So, what to do with all these photographs? For two and a half months they were shown at the city’s Cultural Center in the Loop, where they were visited by twenty-five thousand people, a respectable number for exhibitions there. Then the five hundred thousand negatives were collected for storage at the library of the University of Illinois at Chicago. The collection has never found its rightful place in the city.

Both Comer and Cahan have moved on. Comer grew up on the South Side—his father was a conductor for the Illinois Central Railroad—and during the CITY 2000 year, he visited the elementary school he’d attended. The students are now all African-American, and mostly poor. He asked the principal, “How are they treating you?”

“Beg your pardon?” the principal replied.

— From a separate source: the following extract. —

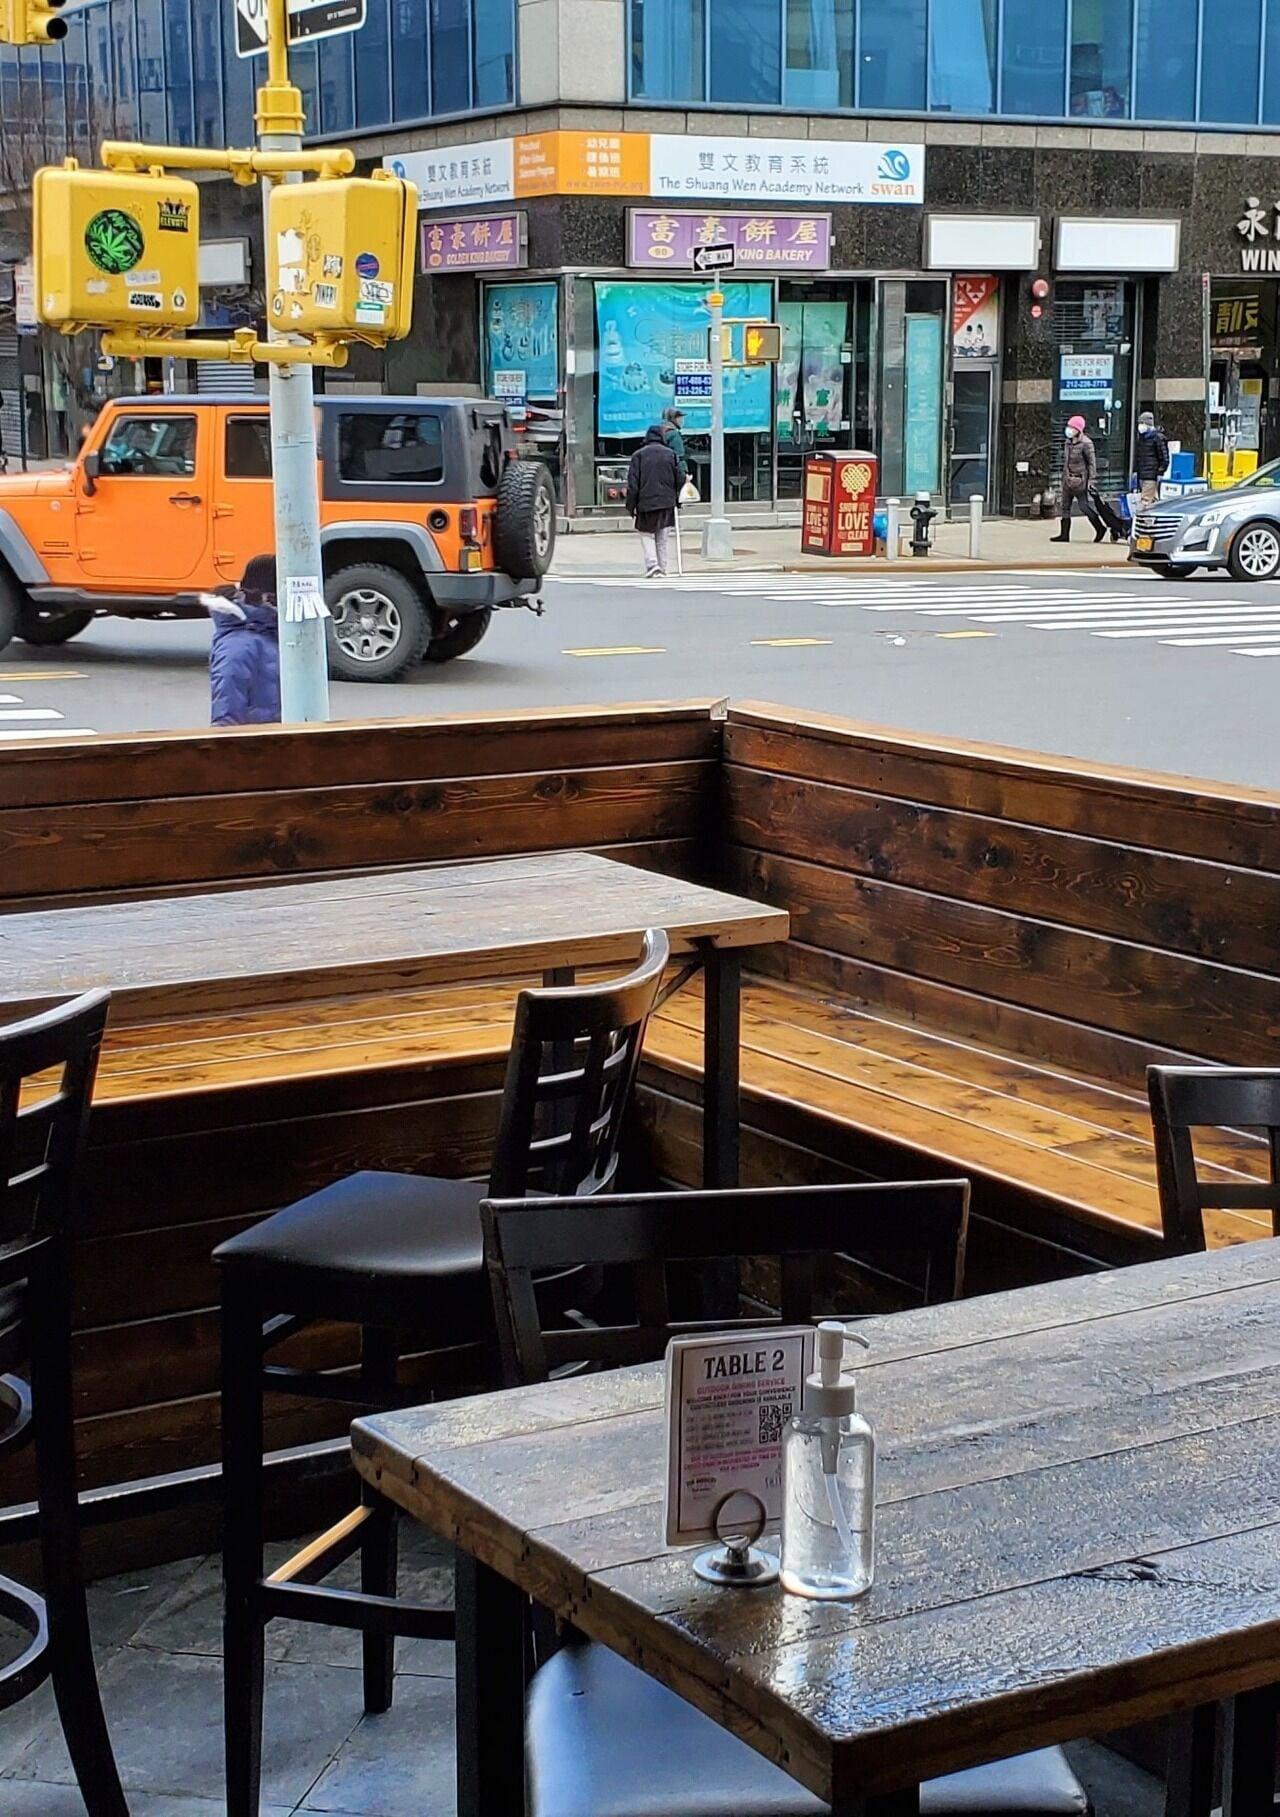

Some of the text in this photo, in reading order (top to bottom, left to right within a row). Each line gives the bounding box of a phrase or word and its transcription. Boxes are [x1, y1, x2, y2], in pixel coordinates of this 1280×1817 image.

“Are you getting everything you need?”

In fact, the principal told Comer, they had new computers that were sitting idle because the school wasn’t properly wired. Comer paid to have that done, and he has since made the well-being of the Paul Revere Elementary School an ongoing priority. He has also provided funding for the South Shore Drill Team, whose director is the school’s disciplinarian; two hundred fifty kids participate, and there are another hundred on the waiting list. They’re a crowd favorite at the Bud Billiken Day Parade. As for Cahan, he opened a store in Evanston, the suburb just north of the city. It’s called CityFile, and it sells rare books on Chicago as well as photographs, memorabilia, and original art. Cahan’s running out of money, though, and when I last saw him he told me he would probably close soon. But one of his final gestures was to hold an exhibition, the first in the city, of Robert Guinan’s work. In Paris, there’s a tradition that on weekends artists will drop by their galleries to meet with art-seekers, and so, for a month, Guinan visited Cahan’s store each Saturday afternoon and held court. A number of visitors, thinking Guinan lived in Paris, asked him how often he visited Chicago. Another began speaking to him in French. “All I could say is ’Où est le téléphone?’ ” he said. “It’s the only French I know.”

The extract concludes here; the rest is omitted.